Aquel encuentro de Jesús con los discípulos de Emaús pasa por tres momentos claves que los ayudó a salir de su estado depresivo; son las mismas claves que pueden ayudar al cristiano de hoy, al hombre y mujer de hoy para vivir un encuentro profundo con Cristo resucitado: 1. La clave escriturística o de Las Sagradas Escrituras. Cuando Jesús se acerca a los discípulos y escucha lo que ellos le dicen les empieza a explicar con Las Escrituras; es decir, con los textos y profecías del Antiguo Testamento todo lo que tenía que pasar con su persona y escuchar estas palabras hacía que el corazón de aquellos discípulos "ardieran de emoción". Ellos no lo podían ver, estaban totalmente desesperanzados, tristes y estas palabras los comienzan a entusiasmar. 2. Como lo referimos anteriormente, la otra clave es la eucarística, al partir el pan. La conversación de los dos discípulos con Jesús, hace que surja una amistad y por eso sin reconocerlo todavía lo invitan a cenar y "sentado a la mesa con ellos tomó el pan, pronunció la bendición, lo partió y se lo dio. A ellos se le abrieron los ojos y lo reconocieron, pero él desapareció". Lucas deja ver claramente aquí las palabras con que Jesús instituyó la Eucaristía, su presencia viva y real en el pan y vino consagrado, que se convierten en su Cuerpo y Sangre: "Hagan esto en memoria mía"; como lo recogen los demás evangelios y Pablo. En la Eucaristía el cristiano se encuentra con Cristo resucitado. Él sigue presente en la comunidad de una manera nueva y real. En la Eucaristía se da la unión entre el Pan y la Palabra. 3. La tercera clave es la eclesial, la fraternidad. Cristo está presente en la comunidad de los hermanos, en los que comparten una misma fe en Él. Los discípulos de Emaús después de haber visto al Señor y saber que estaba vivo, regresan a Jerusalén a reunirse con los demás apóstoles y les anuncian lo que les ha sucedido. Es la Iglesia reunida que ahora sale llena de valentía, reanimada por el Señor a anunciar su Palabra y a reunir a los hermanos, a los creyentes entorno a la Fracción del Pan; la Eucaristía. Aquella primitiva comunidad de creyentes se convertirá de ahora en adelante en signo, en sacramento de la presencia de Cristo que sale a anunciar que Él está vivo.
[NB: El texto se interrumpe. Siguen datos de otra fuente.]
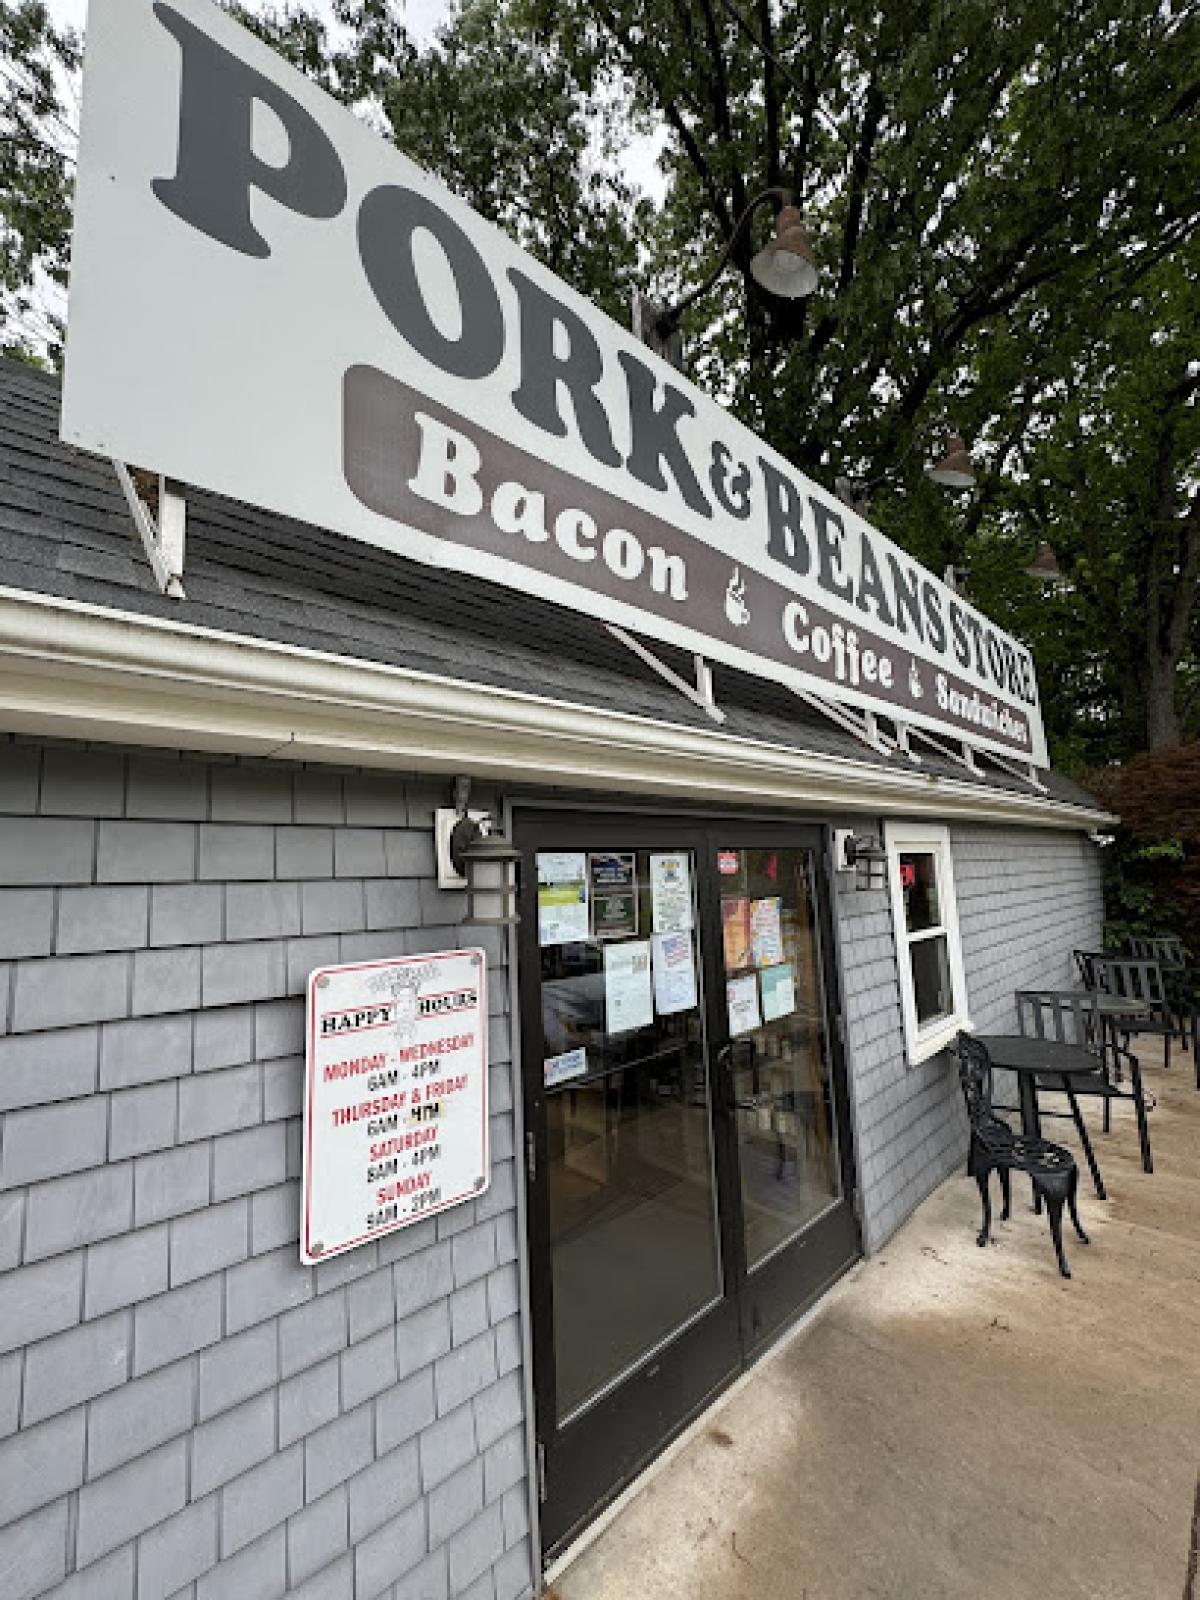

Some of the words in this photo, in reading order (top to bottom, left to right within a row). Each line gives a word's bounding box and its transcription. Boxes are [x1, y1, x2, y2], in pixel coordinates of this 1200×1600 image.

[150, 2, 713, 520] PORK
[709, 440, 751, 520] &
[758, 455, 948, 654] BEANS
[949, 599, 1037, 707] STORE
[408, 410, 689, 602] Bacon
[782, 601, 895, 688] Coffee
[321, 1006, 391, 1033] HAPPY
[419, 991, 478, 1014] HOURS
[323, 1053, 388, 1083] MONDAY
[399, 1032, 475, 1063] WEDNESDAY
[367, 1069, 398, 1092] 6AM
[411, 1058, 440, 1080] 4PM
[332, 1092, 407, 1128] THURSDAY
[411, 1087, 421, 1104] &
[426, 1073, 468, 1103] FRIDAY
[370, 1124, 439, 1162] SATURDAY
[376, 1170, 432, 1206] SUNDAY
IDA Y RETORNO: Felicitaciones a mi mamá y a todas las madres en su día. Que el Señor las bendiga y recompense sus afanes, sus esfuerzos, sus desvelos, sus trabajos, su amor, toda su vida, que Él las ayude en sus proyectos e ilusiones y las siga llenando de su gracia para que sean felices en esta vida y después en la vida eterna. Dice una canción cristiana: "Tan grande es la madre, que hasta Dios quiso tener una". Que pasen un feliz día y agradezcan al Señor el don de la maternidad que les ha regalado; el don de dar vida y de ser instrumentos de Dios en medio del mundo.